Columbian story outlined concerns about illicit activity

By Marissa Harshman, Columbian health reporter

Published:

 

Clark County and Vancouver city officials are taking a look at local business licensing and exploring code changes to prevent illicit massage businesses from flourishing in Southwest Washington.

Shumway neighborhood leaders Lisa Ghormley, Michele Wollert and Anne McEnerny-Ogle, who is also a Vancouver city councilor, drew attention to the issue after a foot massage business moved into their neighborhood.

The neighbors suspected illegal activity at the business, including prostitution, and turned to the Vancouver Police Department for help. Vancouver police are now investigating the business after police allegedly found a woman practicing reflexology without a license, a misdemeanor, during an unannounced inspection.

The Columbian's front-page Sunday story, "Foot massage under suspicion," detailed the neighbors' suspicions and the police action at the Shumway business. The business closed in the days before The Columbian story was published.

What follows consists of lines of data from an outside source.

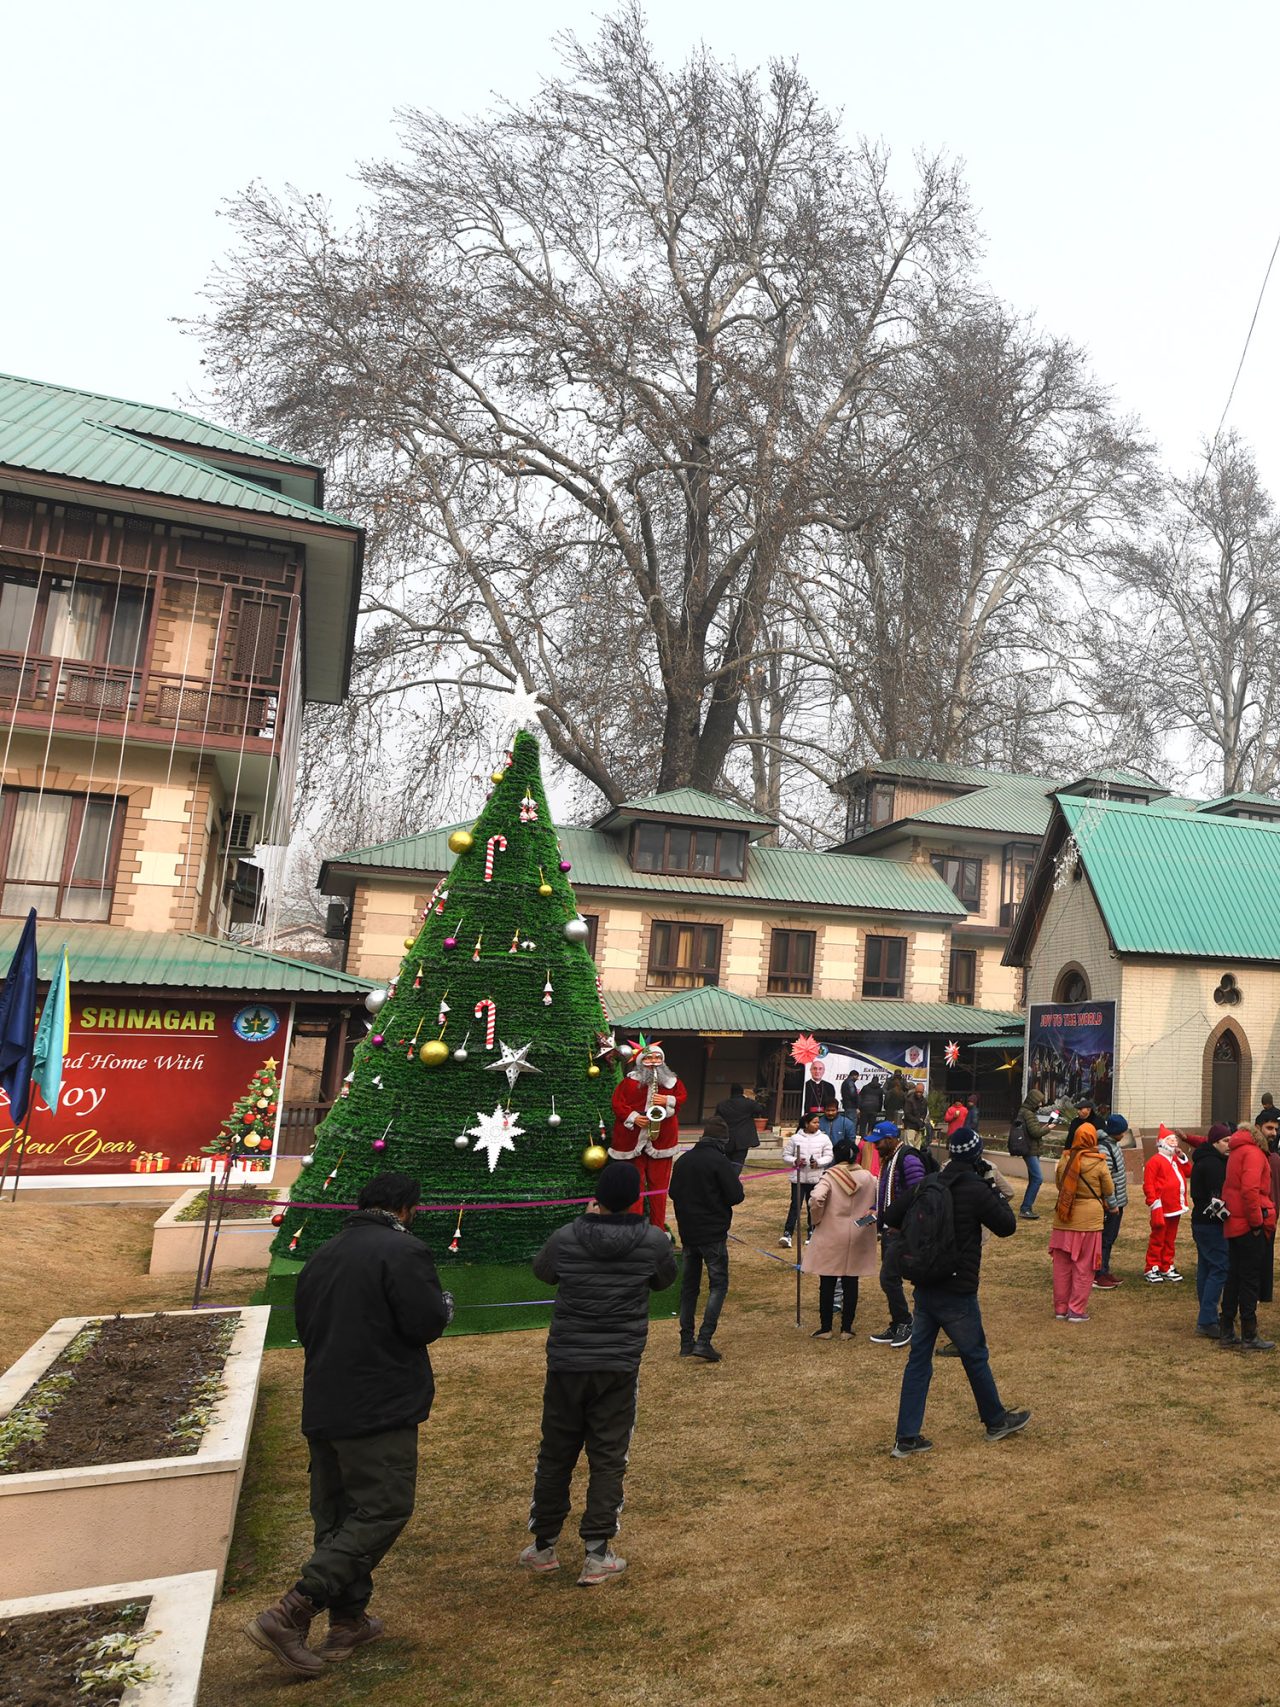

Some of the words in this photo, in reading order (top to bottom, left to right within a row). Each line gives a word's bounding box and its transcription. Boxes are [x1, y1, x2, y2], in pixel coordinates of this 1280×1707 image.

[80, 1006, 216, 1031] SRINAGAR
[1063, 1013, 1077, 1026] THE
[62, 1053, 90, 1070] nd
[88, 1053, 148, 1070] Home
[153, 1054, 205, 1070] With
[836, 1073, 871, 1081] HETY
[0, 1127, 75, 1155] New
[63, 1129, 137, 1166] Year

"We haven't eliminated the problem," McEnerny-Ogle said Thursday. "We have moved it, and it will pop up somewhere else if it hasn't already."

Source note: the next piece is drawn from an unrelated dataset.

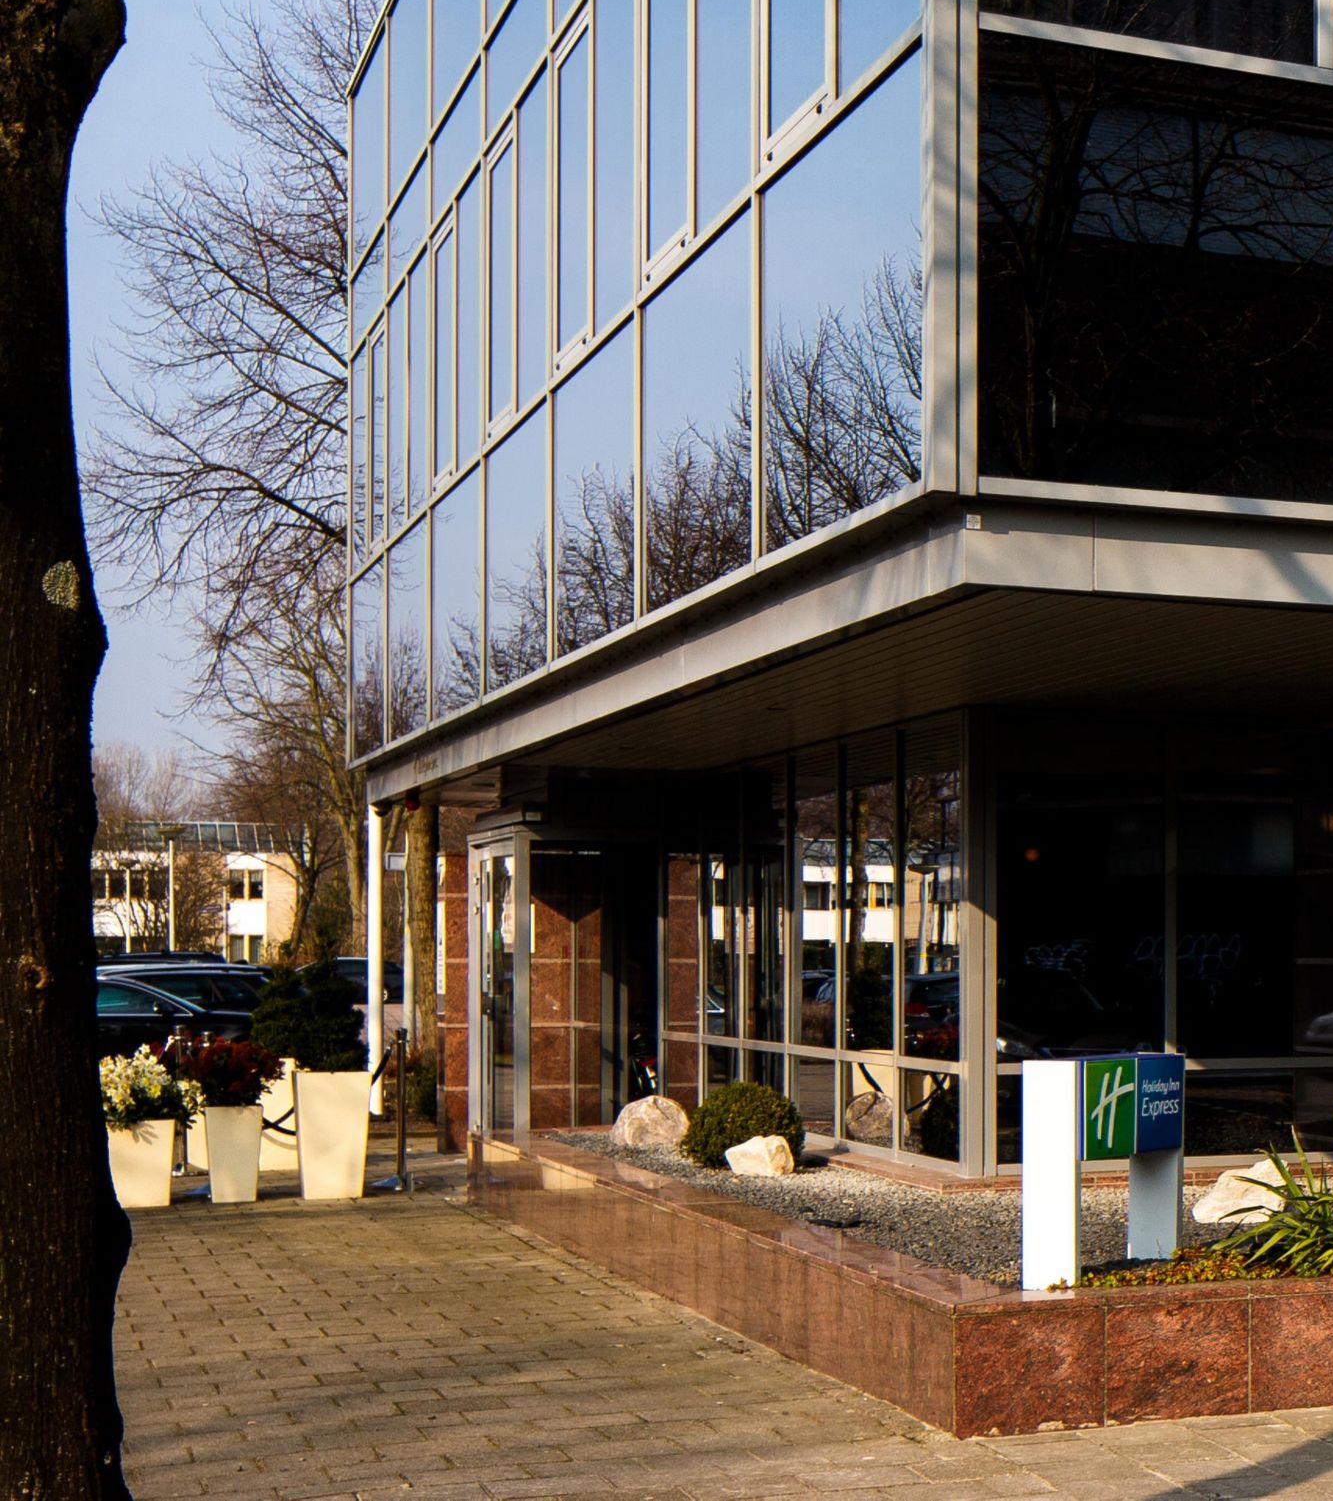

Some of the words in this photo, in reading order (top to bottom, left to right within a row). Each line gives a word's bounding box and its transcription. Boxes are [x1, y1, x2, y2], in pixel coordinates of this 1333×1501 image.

[1141, 1079, 1168, 1095] Holiday
[1168, 1078, 1180, 1092] Inn
[1141, 1097, 1179, 1120] Express

Ghormley and Wollert took their concerns to the county commissioners' Tuesday meeting and asked the county to explore ways to crack down on illicit massage and reflexology businesses. On Monday, they plan to approach the Vancouver City Council.

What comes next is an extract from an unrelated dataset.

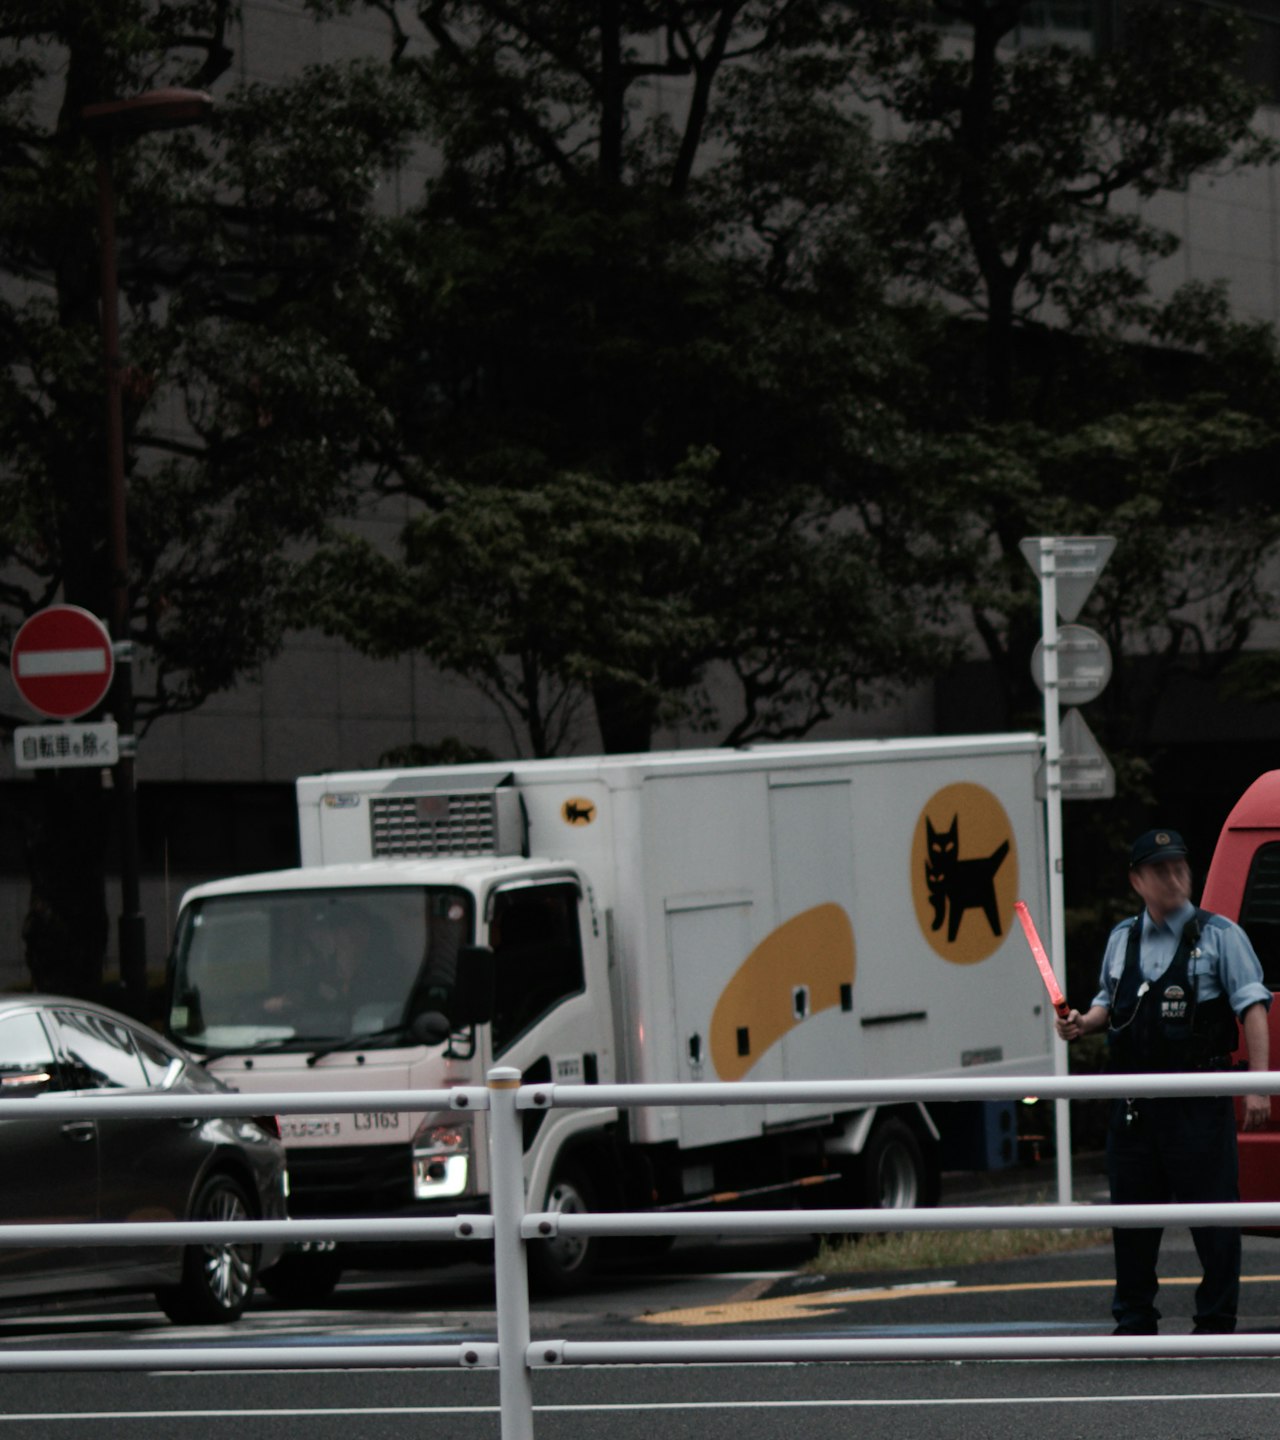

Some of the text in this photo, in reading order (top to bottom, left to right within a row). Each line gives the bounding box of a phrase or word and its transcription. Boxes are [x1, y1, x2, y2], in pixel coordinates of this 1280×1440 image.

[22, 732, 110, 761] 自転車を除く

"These businesses are going to settle where ordinances are lax," Wollert said Thursday. "I just don't want to see Clark County and Vancouver be a dumping ground for that."

Axel Swanson, the county's senior policy adviser, has already started working with the planning department to research other jurisdictions' codes pertaining to massage businesses.

Thurston County has implemented additional licensing requirements for massage parlors and public bath houses that may be an option in Clark County, Swanson said.

Thurston County requires fingerprints and two photos of the owner applying for a business license. The county also requires the owners to get documents notarized by the auditor's office. The documentation then goes to the sheriff's office for a background check, Swanson said.

Once issued, the business license is valid for only the listed location and must be prominently displayed in the business, he said.

In addition, Thurston County has built into its code more authority for its health department to conduct inspections of the businesses, Swanson said. State law authorizes unannounced inspections of massage and reflexology businesses.

"It's just that added presence," Swanson said.

Clark County has an adult entertainment code, which is pretty restrictive, and a general commercial code, Swanson said. While he doesn't want to make massage businesses subject to restrictions set for adult entertainment businesses, he does want to find a happy medium with more regulations than what's set in the general commercial code.

"We don't want to overburden those business owners and those people doing the right thing," Swanson said.

The county wants to work with local massage therapists and business owners on the changes, he said. Any code changes will go through a public process before going to the commissioners for approval. Swanson said he suspects the county will work on the issue through the spring.

Vancouver's community and economic development director, Chad Eiken, plans to have his staff look into the issue as well. Tightening up codes could make the proliferation of the businesses more difficult in the city of Vancouver, he said.

His staff will likely take up the issue this summer, Eiken said.

The neighbors who brought the issue to light are relieved city and county officials are responding to their concerns.

They plan to take everything they learned about state law and the limitations of health officials, police and landlords to other neighborhood leaders. They want to educate other neighborhood leaders so they can be vigilant in reporting the presence of other suspected illicit massage businesses.

"It's a risk for community livability," Wollert said. "We just don't want to be known as the community where people go to get off-menu services."